Dr. Kishonna L. Gray is an American communication and gender studies researcher based at the University of Kentucky College of Arts and Sciences. Dr. Gray is best known for her research on technology, gaming, race, and gender. As an expert in Women's and Communication Studies, she has written several articles for publications such as the New York Times. She was the Martin Luther King, Jr. Visiting Scholar at the Massachusetts Institute of Technology and a Visiting Assistant Professor in Women's & Gender Studies and Comparative Media Studies at Massachusetts Institute of Technology. She has also been a faculty visitor at the Berkman Klein Center for Internet & Society at Harvard University and at Microsoft Research.

Education 
Kishonna L. Gray received her B.S. in Criminal Justice in 2005 and M.S. in Justice Studies in 2007 at Eastern Kentucky University. She received her PhD in Justice Studies from Arizona State University in 2011. She joined the Eastern Kentucky University faculty in 2011, the Arizona State University faculty in 2017, and her position at the University of Illinois at Chicago in 2018. She also accepted a position at the University of Kentucky.

Research
Gray is known for her work in the areas of gender, race, and game studies. She is best known for her research on racism in video games and on intersectionality in technology. She has published multiple books: Race, Gender, & Deviance in Xbox Live: Theoretical Perspectives from the Virtual Margins; Intersectional Tech: Black users in digital gaming, and Black Cyberfeminism or How Intersectionality Went Viral (under contract). In her research, she analyzes the relationship between white hegemonic masculinity and Black identities. Dr. Gray focuses on racial dynamics specifically in streaming video games. Therefore, the oppression of intersecting marginalized identities, specifically those of Black women are at the core of her research. Gray is the creator of the #citeherwork hashtag, created in 2015 to call attention to gender disparities in academic citation practices.

Impact 
Her work has been covered numerous times in the New York Times and in other publications. Dr. Gray is a research leader in intersectional feminism and white misogyny. Her findings are picked up by other scholars to find solutions for biases in video games.

Her work has found its way into cyber-activism and has been cited by the Encyclopedia of Diversity and Social Justice. The encyclopedia cites how minority identities evoke a perceived threat in majority identities. Princeton Professor Dr. Wendy Belcher developed a test to analyze the choices of sources and named it "Gray Test" after Dr. Kishonna Gray.

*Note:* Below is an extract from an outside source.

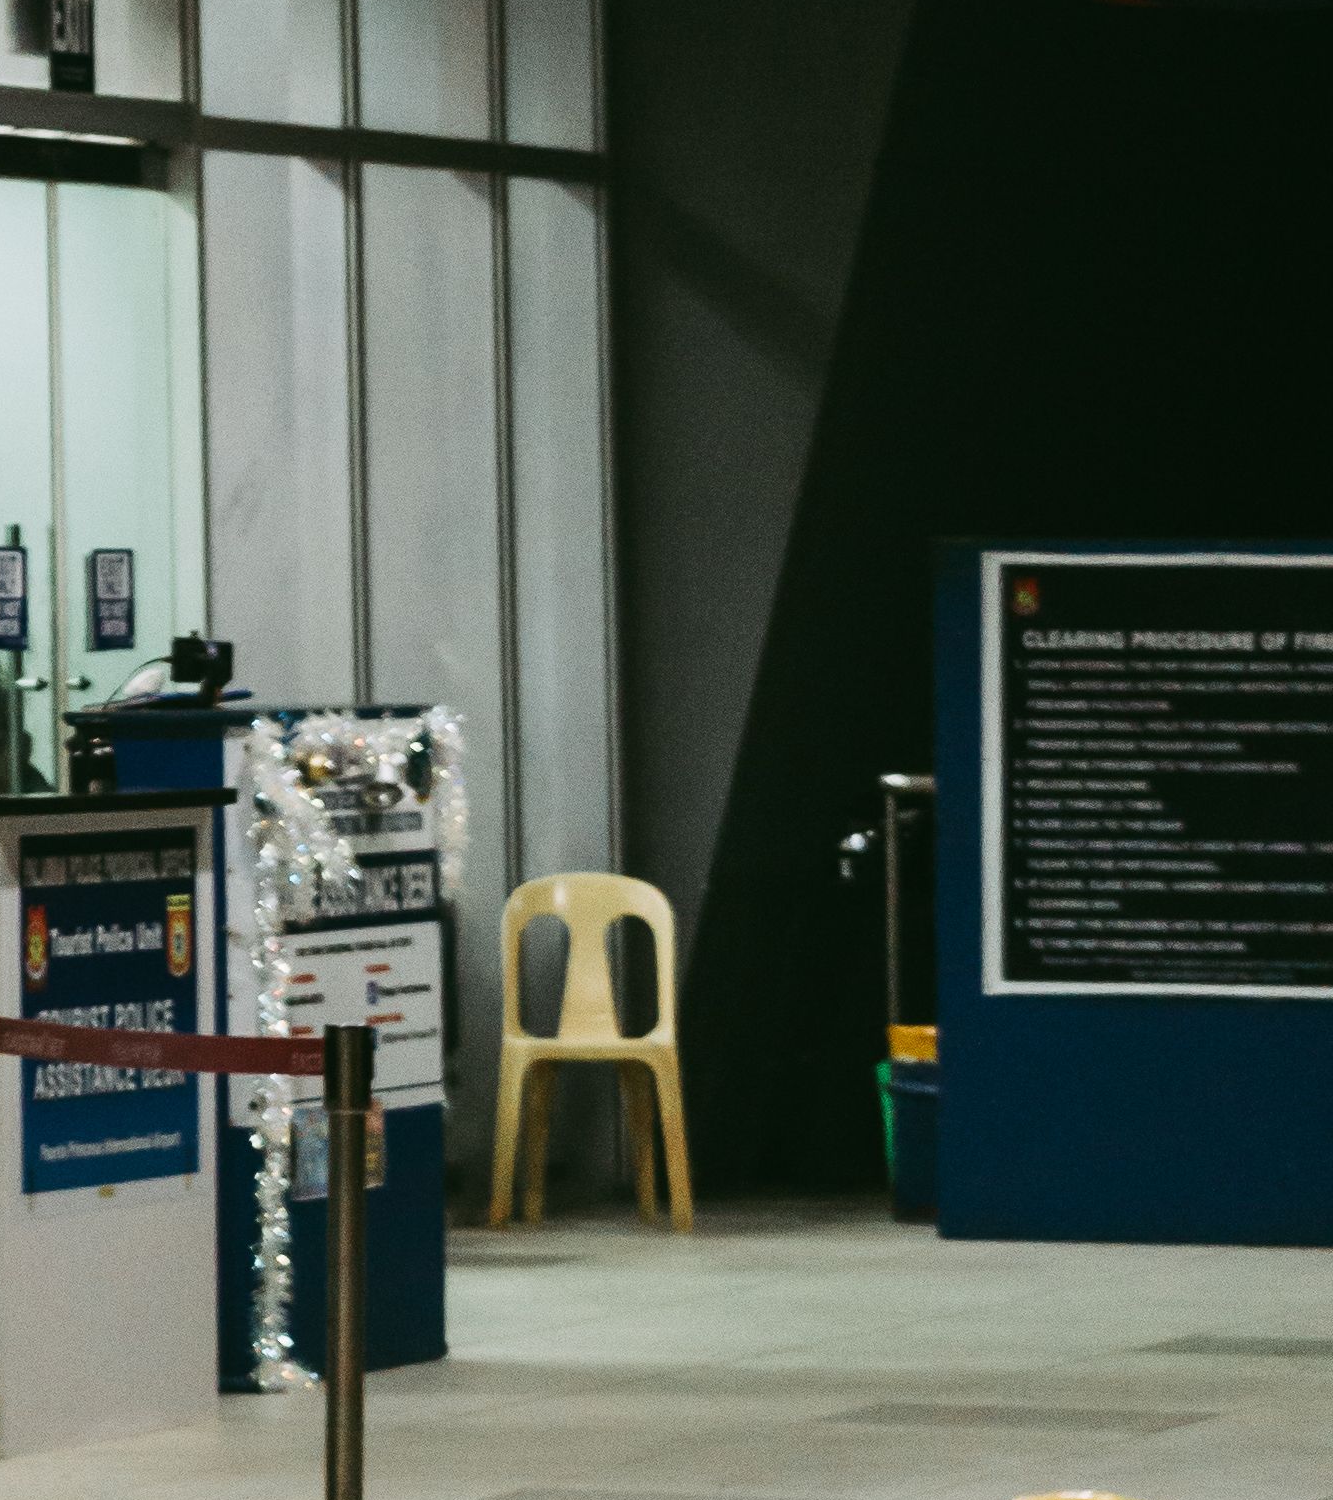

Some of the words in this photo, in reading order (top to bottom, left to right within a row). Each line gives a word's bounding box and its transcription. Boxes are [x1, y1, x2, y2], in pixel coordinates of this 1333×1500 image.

She answers the correlation between online and offline identities and the translation of racism and misogyny from a gamer world into the real world.

David G. Schwartz, in the journal of the American Library Association CHOICE, identifies  Gray's book, Intersectional tech: Black users in digital gaming  as an interdisciplinary approach to understanding oppression in new technologies. Schwartz recommends the  book   for scholars and game designers, as well as a work that can empower those who feel marginalized. Christopher A. Paul in the journal Critical Studies in Media Communication adds that her research is helping us understand how the virtual (gaming) worlds we are creating affect real-world societies.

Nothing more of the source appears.